BRIEF DESCRIPTION OF THE DRAWINGS
[35] Figure 1 shows an example automated performance management system for a client-server system. [36] Figure 2 shows a flow diagram of an example process for determining a model for use in an automated performance management process running on the system of Figure 1.
[37] Figures 3a and 3b show flow diagrams of example automated performance management processes for the system of Figure 1.
[38] Figures 4a and 4b illustrate the operation of processes of the type shown in Figure 3b.
[39] Like reference numerals and designations in the various drawings indicate like elements.
DETAILED DESCRIPTION
[40] Figure 1 shows shows an example automated performance management system 100 which may be implemented as computer programs on one or more computers in one or more locations. The performance management system 100 is configured for maintaining/optimizing a client-server system 160 comprising one or more server computer systems 162 coupled to multiple client computer systems 164 via a network 170, such as the Internet.
[41] The performance management system 100 comprises a model determination subsystem 110 coupled to an input data feed, here a system response interface 112. The system response interface 112 may comprise a query engine configured to query the client-server system 160 and to receive responses comprising response values, such as one or more metrics relating to the client-server system 160.
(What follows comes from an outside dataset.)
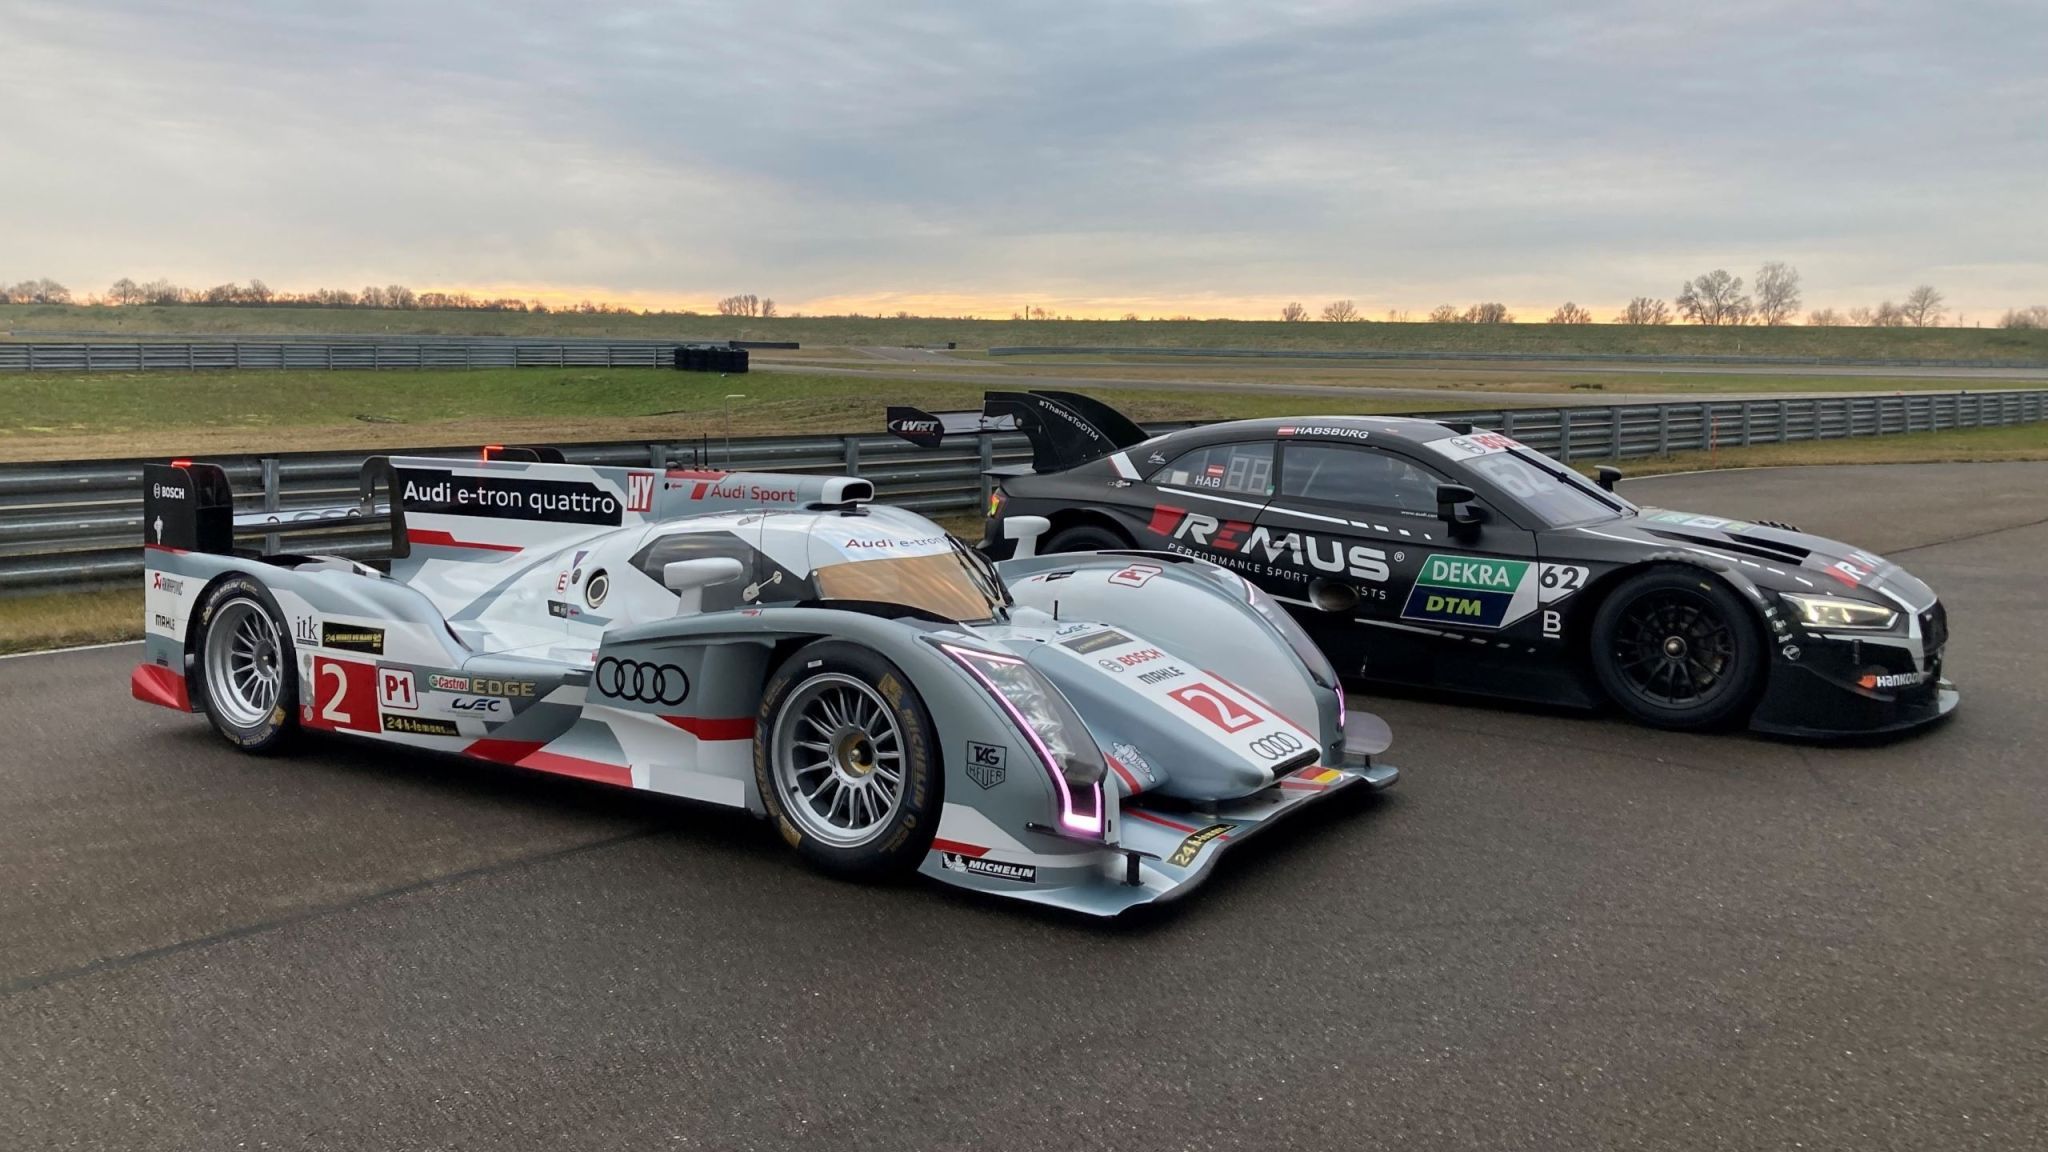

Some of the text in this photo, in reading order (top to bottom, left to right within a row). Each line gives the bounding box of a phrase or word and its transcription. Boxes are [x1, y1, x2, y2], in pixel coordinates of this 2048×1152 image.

[42] The model determination subsystem 110 is also coupled to an output data feed, here a system control interface 114. The system control interface 114 may be configured to receive instructions e.g. in the form of an RPC (Remote Procedure Call) and to implement the instructions to adjust control parameters of the client-server system 160, for example relating to the format of data sent over network 170. The system control interface 114 may be coupled to or part of the system response interface 112, as indicated by the connecting dashed line.
[43] The performance management system 100 also comprises a performance control subsystem 120 also coupled to the output data feed e.g. to the system control interface 114, and in
implementations to the input data feed e.g. to the system response interface 112. In some
implementations the performance management system 100 is also coupled to, or includes, an optimizer 130, as described further later.
[44] A data store 140, which may be distributed, stores data for the system 100, such as one or more of configuration data defining the modelled response(s) and defining the control parameters on which they are dependent, model parameters for the model(s), constraints e.g. on the response value(s) and/or control parameters, and one or more objective(s) for the system.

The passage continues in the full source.